I did have Shabbat as my day of rest, and it was awesome. I used to read for at least 6 hours every Saturday. I started at dawn, took a break to have lunch with my neighbor and friend, Sara, then I read a few more hours, then my Shabbat nap (love that) – but I was always trying to cram a week’s worth of reading into one day. Working 55 hours a week took the rest of my life away, in my opinion. I wanted more. I wanted purpose, spirituality, and learning.
If recovery means going back to a life consumed by work and the necessities of making a living, then I won’t be happy with that – and I won’t be healed. Working too much is a good way to hide and never face my inner turmoil.
Maybe recovery will be when I get my spiritual center back (Shabbat)? I cannot focus like I used to because I find that I cannot tolerate the quiet anymore. I fill my nights with senseless noise in the form of television or movies that I have already watched twenty times, anything to distract me from thinking. I find that I fantasize about being emotionally numb and I wonder about smoking pot or trying hard drugs. What would it be like? Would it numb me? Other people say pot is great for relaxation. Is it?
I guess I have to spend some time deciding what “Recovery” would be. After all, I will have a much harder time reaching that goal if I can’t even explain what it means.
“Wondering about Recovery.” is copyright © 2015 by 18mitzvot. ALL RIGHTS RESERVED.
A fellow blogger who wishes to remain anonymous, gave the following reply to this post:
I can speak to the pot AND the alcohol because I’ve used both at unhealthy levels. Some would say any is unhealthy but in comparison, if I’d only experimented or made a glass of wine a treat or a pipe full an occasion, that would be so different.
I have used both to run away from pain…in excess… and I would use them even before being hurt in the affair that brought me to wordpress to read about narcissism.

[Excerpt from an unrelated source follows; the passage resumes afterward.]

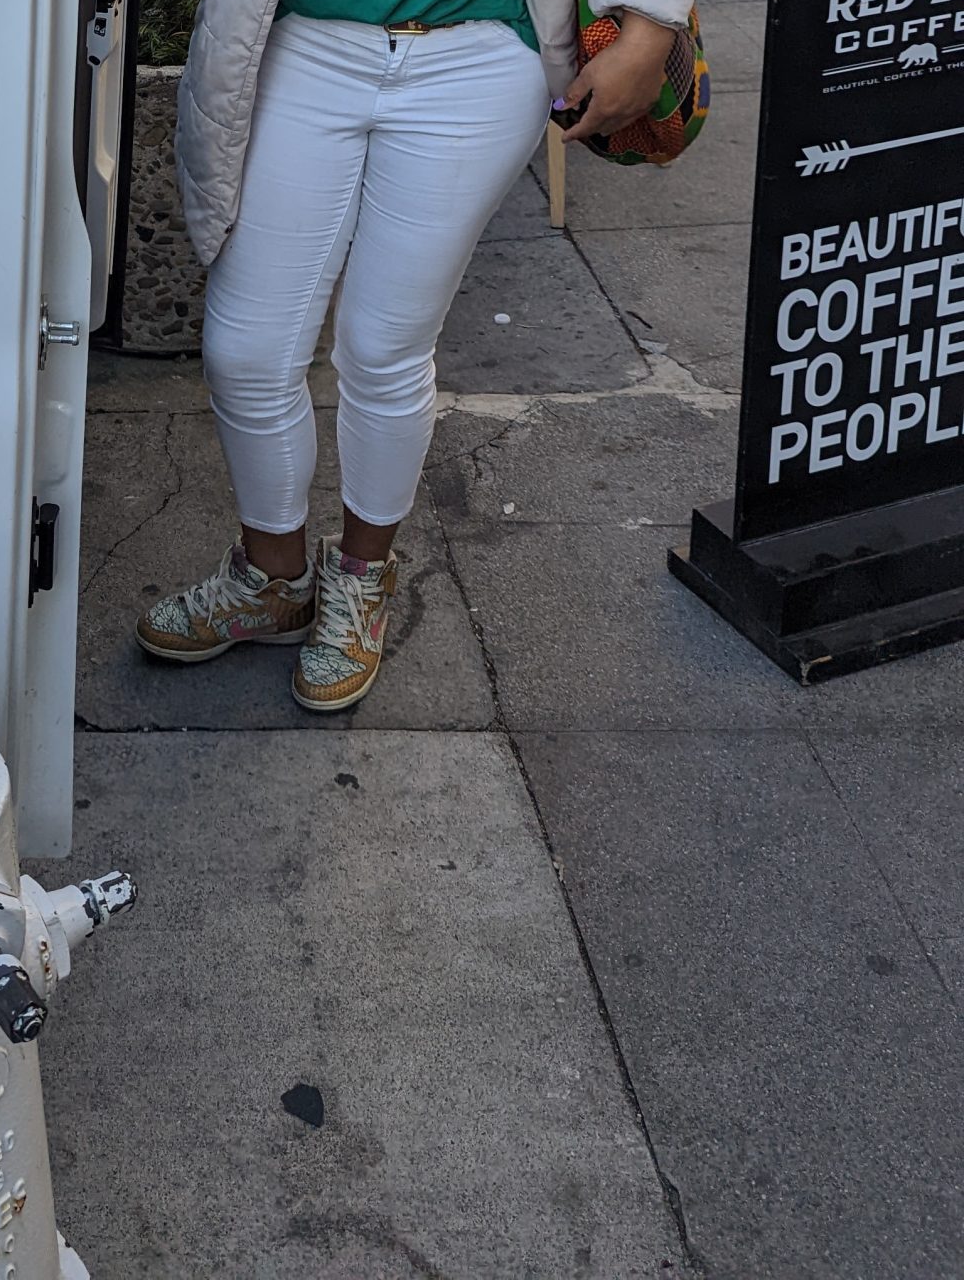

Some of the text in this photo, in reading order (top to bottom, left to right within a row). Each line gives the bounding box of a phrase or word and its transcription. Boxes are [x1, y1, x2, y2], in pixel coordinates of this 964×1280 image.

But after that affair all I wanted to do was bury myself in both. Shove down that excruciating pain. At first the pot took away the searing and cutting pain I’d never felt so intensely before. Every part of me hurt so bad I felt like I needed it just to feel a little normal. To function even though that stuff takes away my motivation. But then I had none anyway.
The alcohol was the same thing. I would even drink alone at times if I didn’t have pot. But mostly I drank with a group of friends or one particular friend who was actually a support for me at the end of the affair. She was going through her own stuff too.
But then one day I noticed after drinking like three very strong craft beers it wasn’t numbing me anymore. I could feel the pain right through the alcohol. It was awful. Not only was I feeling forlorn from the beer because I wasn’t even drunk. In fact I was feeling the hangover before the fun. I was exhausted, still hurting and realizing that if I don’t start to feel it I won’t ever get through it (or over it.)
The pot too, that wasn’t doing its job anymore either. So I eventually cut way down. I’ll admit I still indulged and it has been a short time since I’ve not touched any of it. But I stopped enough to feel things, think things and be sort of functional.
I’m not advocating it at all. It will only set you back. And it’s just as much of a distraction as the other things your doing. So it sounds like you’ve reached that point where you’re at least realizing you’re distracting and that it’s not really working.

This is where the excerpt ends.